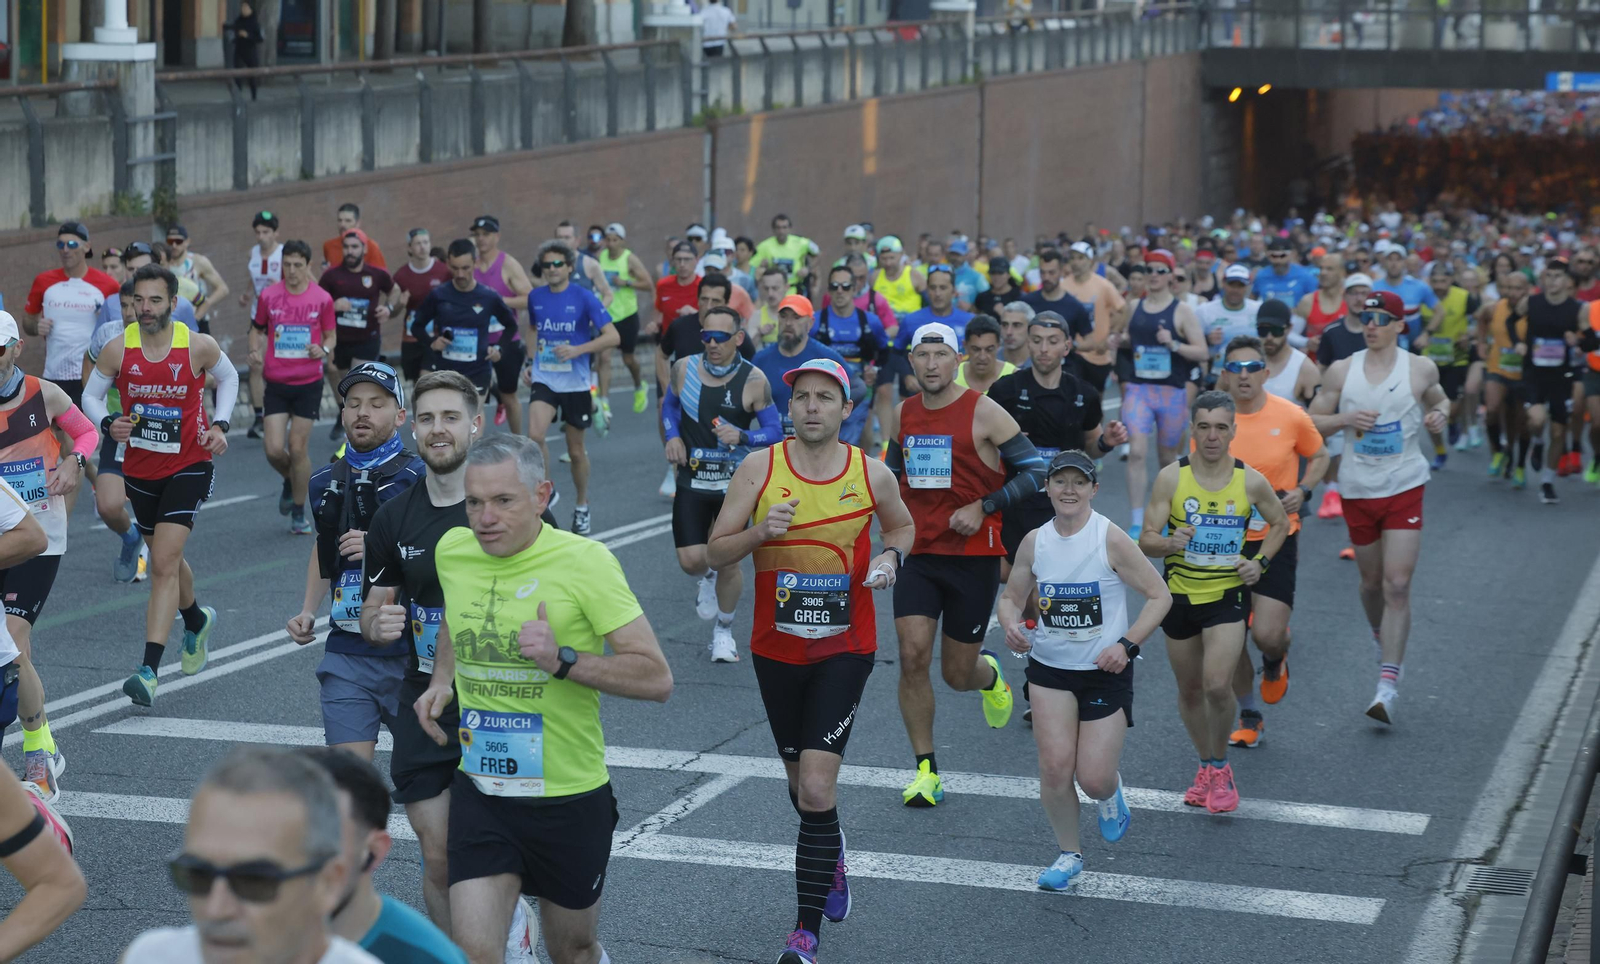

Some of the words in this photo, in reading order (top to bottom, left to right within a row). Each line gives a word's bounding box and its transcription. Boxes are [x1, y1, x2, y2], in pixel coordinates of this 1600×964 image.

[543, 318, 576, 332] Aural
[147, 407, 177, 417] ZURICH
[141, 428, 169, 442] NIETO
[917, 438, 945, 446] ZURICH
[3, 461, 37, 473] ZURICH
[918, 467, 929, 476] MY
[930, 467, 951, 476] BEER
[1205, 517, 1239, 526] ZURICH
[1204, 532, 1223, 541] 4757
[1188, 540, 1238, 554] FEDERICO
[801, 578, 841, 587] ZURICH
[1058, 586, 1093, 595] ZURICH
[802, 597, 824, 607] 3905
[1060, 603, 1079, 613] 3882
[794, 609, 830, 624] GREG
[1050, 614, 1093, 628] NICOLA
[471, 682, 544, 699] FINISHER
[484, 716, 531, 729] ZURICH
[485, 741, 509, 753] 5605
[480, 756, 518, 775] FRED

§ **Action item**
No picture belongs in the copy; return the rest of the listing exactly.

§ **Your response**
Some of the words in this photo, in reading order (top to bottom, left to right within a row). Each line gives a word's bounding box and its transcription. Boxes are [x1, y1, x2, y2], in pixel coordinates of this 1600×964 image.

[543, 318, 576, 332] Aural
[147, 407, 177, 417] ZURICH
[141, 428, 169, 442] NIETO
[917, 438, 945, 446] ZURICH
[3, 461, 37, 473] ZURICH
[918, 467, 929, 476] MY
[930, 467, 951, 476] BEER
[1205, 517, 1239, 526] ZURICH
[1204, 532, 1223, 541] 4757
[1188, 540, 1238, 554] FEDERICO
[801, 578, 841, 587] ZURICH
[1058, 586, 1093, 595] ZURICH
[802, 597, 824, 607] 3905
[1060, 603, 1079, 613] 3882
[794, 609, 830, 624] GREG
[1050, 614, 1093, 628] NICOLA
[471, 682, 544, 699] FINISHER
[484, 716, 531, 729] ZURICH
[485, 741, 509, 753] 5605
[480, 756, 518, 775] FRED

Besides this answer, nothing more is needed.